▸ RECORDS TO PROCESS:
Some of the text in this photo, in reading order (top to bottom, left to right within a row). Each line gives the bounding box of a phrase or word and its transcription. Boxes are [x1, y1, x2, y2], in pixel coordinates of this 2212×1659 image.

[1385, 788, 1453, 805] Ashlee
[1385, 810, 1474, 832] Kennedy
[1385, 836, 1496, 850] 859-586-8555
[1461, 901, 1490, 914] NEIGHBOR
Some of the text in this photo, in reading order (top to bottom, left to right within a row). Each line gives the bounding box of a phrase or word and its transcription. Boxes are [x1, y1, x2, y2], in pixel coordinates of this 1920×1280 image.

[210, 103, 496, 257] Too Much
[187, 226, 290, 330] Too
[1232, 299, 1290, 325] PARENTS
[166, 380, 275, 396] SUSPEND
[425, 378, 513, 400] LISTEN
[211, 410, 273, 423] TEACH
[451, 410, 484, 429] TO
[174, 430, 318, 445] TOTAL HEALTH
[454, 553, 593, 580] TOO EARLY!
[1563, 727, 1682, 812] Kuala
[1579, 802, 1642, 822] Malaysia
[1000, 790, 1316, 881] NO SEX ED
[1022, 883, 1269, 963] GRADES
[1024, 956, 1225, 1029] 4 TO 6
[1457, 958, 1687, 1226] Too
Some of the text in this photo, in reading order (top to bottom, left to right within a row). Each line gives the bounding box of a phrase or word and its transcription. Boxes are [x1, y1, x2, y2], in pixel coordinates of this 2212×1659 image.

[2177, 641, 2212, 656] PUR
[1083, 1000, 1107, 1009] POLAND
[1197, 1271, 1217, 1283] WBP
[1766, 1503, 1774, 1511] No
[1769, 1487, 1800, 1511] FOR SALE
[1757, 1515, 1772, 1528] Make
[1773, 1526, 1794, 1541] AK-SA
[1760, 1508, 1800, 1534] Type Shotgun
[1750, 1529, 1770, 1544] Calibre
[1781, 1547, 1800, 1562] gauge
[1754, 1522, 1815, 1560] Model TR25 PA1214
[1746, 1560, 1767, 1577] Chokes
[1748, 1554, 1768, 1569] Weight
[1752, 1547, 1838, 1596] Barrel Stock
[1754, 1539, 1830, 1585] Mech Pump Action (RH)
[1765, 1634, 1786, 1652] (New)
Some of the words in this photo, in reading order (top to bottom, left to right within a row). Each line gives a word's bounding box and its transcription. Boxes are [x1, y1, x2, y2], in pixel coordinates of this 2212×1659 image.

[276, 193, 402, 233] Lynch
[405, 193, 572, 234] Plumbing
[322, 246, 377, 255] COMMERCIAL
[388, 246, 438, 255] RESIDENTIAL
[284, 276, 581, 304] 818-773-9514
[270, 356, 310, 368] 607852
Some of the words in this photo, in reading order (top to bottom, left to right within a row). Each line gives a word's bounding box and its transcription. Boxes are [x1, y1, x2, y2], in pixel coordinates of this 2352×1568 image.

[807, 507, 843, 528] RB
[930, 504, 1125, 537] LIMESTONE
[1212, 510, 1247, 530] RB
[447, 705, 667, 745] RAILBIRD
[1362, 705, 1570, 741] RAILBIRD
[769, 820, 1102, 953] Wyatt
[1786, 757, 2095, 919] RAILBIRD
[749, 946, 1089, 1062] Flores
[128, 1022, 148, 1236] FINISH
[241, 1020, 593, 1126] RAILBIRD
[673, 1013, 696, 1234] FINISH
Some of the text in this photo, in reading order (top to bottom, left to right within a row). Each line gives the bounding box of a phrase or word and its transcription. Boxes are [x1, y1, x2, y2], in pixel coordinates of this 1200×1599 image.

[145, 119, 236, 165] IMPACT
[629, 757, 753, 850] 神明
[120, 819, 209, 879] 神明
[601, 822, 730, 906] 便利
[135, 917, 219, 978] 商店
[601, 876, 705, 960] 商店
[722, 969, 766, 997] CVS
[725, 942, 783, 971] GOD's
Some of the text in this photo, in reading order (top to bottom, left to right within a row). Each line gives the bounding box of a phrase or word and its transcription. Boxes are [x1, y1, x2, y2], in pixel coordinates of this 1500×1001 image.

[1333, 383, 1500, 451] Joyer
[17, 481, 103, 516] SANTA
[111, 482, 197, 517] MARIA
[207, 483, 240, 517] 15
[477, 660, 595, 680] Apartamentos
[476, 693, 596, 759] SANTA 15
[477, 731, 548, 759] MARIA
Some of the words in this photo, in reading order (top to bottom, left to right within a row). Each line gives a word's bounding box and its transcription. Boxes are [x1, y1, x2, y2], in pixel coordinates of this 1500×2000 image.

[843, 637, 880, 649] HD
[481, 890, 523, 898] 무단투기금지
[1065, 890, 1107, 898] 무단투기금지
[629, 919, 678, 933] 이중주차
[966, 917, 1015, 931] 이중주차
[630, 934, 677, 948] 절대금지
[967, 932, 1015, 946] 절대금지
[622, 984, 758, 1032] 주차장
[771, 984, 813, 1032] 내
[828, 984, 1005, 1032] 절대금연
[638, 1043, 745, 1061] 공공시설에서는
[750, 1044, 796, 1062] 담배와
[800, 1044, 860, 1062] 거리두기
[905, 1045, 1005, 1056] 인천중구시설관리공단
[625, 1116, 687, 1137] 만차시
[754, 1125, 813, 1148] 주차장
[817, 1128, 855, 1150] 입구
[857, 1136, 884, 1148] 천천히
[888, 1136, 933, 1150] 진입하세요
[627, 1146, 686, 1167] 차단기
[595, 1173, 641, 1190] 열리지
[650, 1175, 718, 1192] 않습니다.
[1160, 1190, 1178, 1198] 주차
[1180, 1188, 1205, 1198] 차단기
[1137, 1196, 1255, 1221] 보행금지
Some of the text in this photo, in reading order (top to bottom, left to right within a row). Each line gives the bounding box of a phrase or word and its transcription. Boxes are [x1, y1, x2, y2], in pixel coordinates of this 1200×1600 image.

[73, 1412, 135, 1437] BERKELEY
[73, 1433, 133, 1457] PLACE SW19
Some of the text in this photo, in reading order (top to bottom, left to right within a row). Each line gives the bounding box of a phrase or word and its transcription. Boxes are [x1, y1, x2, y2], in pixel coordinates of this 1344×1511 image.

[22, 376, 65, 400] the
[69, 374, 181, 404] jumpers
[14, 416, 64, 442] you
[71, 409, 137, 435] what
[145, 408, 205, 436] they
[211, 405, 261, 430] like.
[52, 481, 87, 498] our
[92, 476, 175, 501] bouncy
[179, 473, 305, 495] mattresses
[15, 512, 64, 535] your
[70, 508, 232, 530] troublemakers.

▸ WHAT YOU WILL DO:
Restate the entries above word for word.

▸ ANSWER SECTION:
Some of the text in this photo, in reading order (top to bottom, left to right within a row). Each line gives the bounding box of a phrase or word and its transcription. Boxes are [x1, y1, x2, y2], in pixel coordinates of this 2212×1659 image.

[1385, 788, 1453, 805] Ashlee
[1385, 810, 1474, 832] Kennedy
[1385, 836, 1496, 850] 859-586-8555
[1461, 901, 1490, 914] NEIGHBOR
Some of the text in this photo, in reading order (top to bottom, left to right within a row). Each line gives the bounding box of a phrase or word and its transcription. Boxes are [x1, y1, x2, y2], in pixel coordinates of this 1920×1280 image.

[210, 103, 496, 257] Too Much
[187, 226, 290, 330] Too
[1232, 299, 1290, 325] PARENTS
[166, 380, 275, 396] SUSPEND
[425, 378, 513, 400] LISTEN
[211, 410, 273, 423] TEACH
[451, 410, 484, 429] TO
[174, 430, 318, 445] TOTAL HEALTH
[454, 553, 593, 580] TOO EARLY!
[1563, 727, 1682, 812] Kuala
[1579, 802, 1642, 822] Malaysia
[1000, 790, 1316, 881] NO SEX ED
[1022, 883, 1269, 963] GRADES
[1024, 956, 1225, 1029] 4 TO 6
[1457, 958, 1687, 1226] Too
Some of the text in this photo, in reading order (top to bottom, left to right within a row). Each line gives the bounding box of a phrase or word and its transcription. Boxes are [x1, y1, x2, y2], in pixel coordinates of this 2212×1659 image.

[2177, 641, 2212, 656] PUR
[1083, 1000, 1107, 1009] POLAND
[1197, 1271, 1217, 1283] WBP
[1766, 1503, 1774, 1511] No
[1769, 1487, 1800, 1511] FOR SALE
[1757, 1515, 1772, 1528] Make
[1773, 1526, 1794, 1541] AK-SA
[1760, 1508, 1800, 1534] Type Shotgun
[1750, 1529, 1770, 1544] Calibre
[1781, 1547, 1800, 1562] gauge
[1754, 1522, 1815, 1560] Model TR25 PA1214
[1746, 1560, 1767, 1577] Chokes
[1748, 1554, 1768, 1569] Weight
[1752, 1547, 1838, 1596] Barrel Stock
[1754, 1539, 1830, 1585] Mech Pump Action (RH)
[1765, 1634, 1786, 1652] (New)
Some of the words in this photo, in reading order (top to bottom, left to right within a row). Each line gives a word's bounding box and its transcription. Boxes are [x1, y1, x2, y2], in pixel coordinates of this 2212×1659 image.

[276, 193, 402, 233] Lynch
[405, 193, 572, 234] Plumbing
[322, 246, 377, 255] COMMERCIAL
[388, 246, 438, 255] RESIDENTIAL
[284, 276, 581, 304] 818-773-9514
[270, 356, 310, 368] 607852
Some of the words in this photo, in reading order (top to bottom, left to right within a row). Each line gives a word's bounding box and its transcription. Boxes are [x1, y1, x2, y2], in pixel coordinates of this 2352×1568 image.

[807, 507, 843, 528] RB
[930, 504, 1125, 537] LIMESTONE
[1212, 510, 1247, 530] RB
[447, 705, 667, 745] RAILBIRD
[1362, 705, 1570, 741] RAILBIRD
[769, 820, 1102, 953] Wyatt
[1786, 757, 2095, 919] RAILBIRD
[749, 946, 1089, 1062] Flores
[128, 1022, 148, 1236] FINISH
[241, 1020, 593, 1126] RAILBIRD
[673, 1013, 696, 1234] FINISH
Some of the text in this photo, in reading order (top to bottom, left to right within a row). Each line gives the bounding box of a phrase or word and its transcription. Boxes are [x1, y1, x2, y2], in pixel coordinates of this 1200×1599 image.

[145, 119, 236, 165] IMPACT
[629, 757, 753, 850] 神明
[120, 819, 209, 879] 神明
[601, 822, 730, 906] 便利
[135, 917, 219, 978] 商店
[601, 876, 705, 960] 商店
[722, 969, 766, 997] CVS
[725, 942, 783, 971] GOD's
Some of the text in this photo, in reading order (top to bottom, left to right within a row). Each line gives the bounding box of a phrase or word and its transcription. Boxes are [x1, y1, x2, y2], in pixel coordinates of this 1500×1001 image.

[1333, 383, 1500, 451] Joyer
[17, 481, 103, 516] SANTA
[111, 482, 197, 517] MARIA
[207, 483, 240, 517] 15
[477, 660, 595, 680] Apartamentos
[476, 693, 596, 759] SANTA 15
[477, 731, 548, 759] MARIA
Some of the words in this photo, in reading order (top to bottom, left to right within a row). Each line gives a word's bounding box and its transcription. Boxes are [x1, y1, x2, y2], in pixel coordinates of this 1500×2000 image.

[843, 637, 880, 649] HD
[481, 890, 523, 898] 무단투기금지
[1065, 890, 1107, 898] 무단투기금지
[629, 919, 678, 933] 이중주차
[966, 917, 1015, 931] 이중주차
[630, 934, 677, 948] 절대금지
[967, 932, 1015, 946] 절대금지
[622, 984, 758, 1032] 주차장
[771, 984, 813, 1032] 내
[828, 984, 1005, 1032] 절대금연
[638, 1043, 745, 1061] 공공시설에서는
[750, 1044, 796, 1062] 담배와
[800, 1044, 860, 1062] 거리두기
[905, 1045, 1005, 1056] 인천중구시설관리공단
[625, 1116, 687, 1137] 만차시
[754, 1125, 813, 1148] 주차장
[817, 1128, 855, 1150] 입구
[857, 1136, 884, 1148] 천천히
[888, 1136, 933, 1150] 진입하세요
[627, 1146, 686, 1167] 차단기
[595, 1173, 641, 1190] 열리지
[650, 1175, 718, 1192] 않습니다.
[1160, 1190, 1178, 1198] 주차
[1180, 1188, 1205, 1198] 차단기
[1137, 1196, 1255, 1221] 보행금지
Some of the text in this photo, in reading order (top to bottom, left to right within a row). Each line gives the bounding box of a phrase or word and its transcription. Boxes are [x1, y1, x2, y2], in pixel coordinates of this 1200×1600 image.

[73, 1412, 135, 1437] BERKELEY
[73, 1433, 133, 1457] PLACE SW19
Some of the text in this photo, in reading order (top to bottom, left to right within a row). Each line gives the bounding box of a phrase or word and its transcription. Boxes are [x1, y1, x2, y2], in pixel coordinates of this 1344×1511 image.

[22, 376, 65, 400] the
[69, 374, 181, 404] jumpers
[14, 416, 64, 442] you
[71, 409, 137, 435] what
[145, 408, 205, 436] they
[211, 405, 261, 430] like.
[52, 481, 87, 498] our
[92, 476, 175, 501] bouncy
[179, 473, 305, 495] mattresses
[15, 512, 64, 535] your
[70, 508, 232, 530] troublemakers.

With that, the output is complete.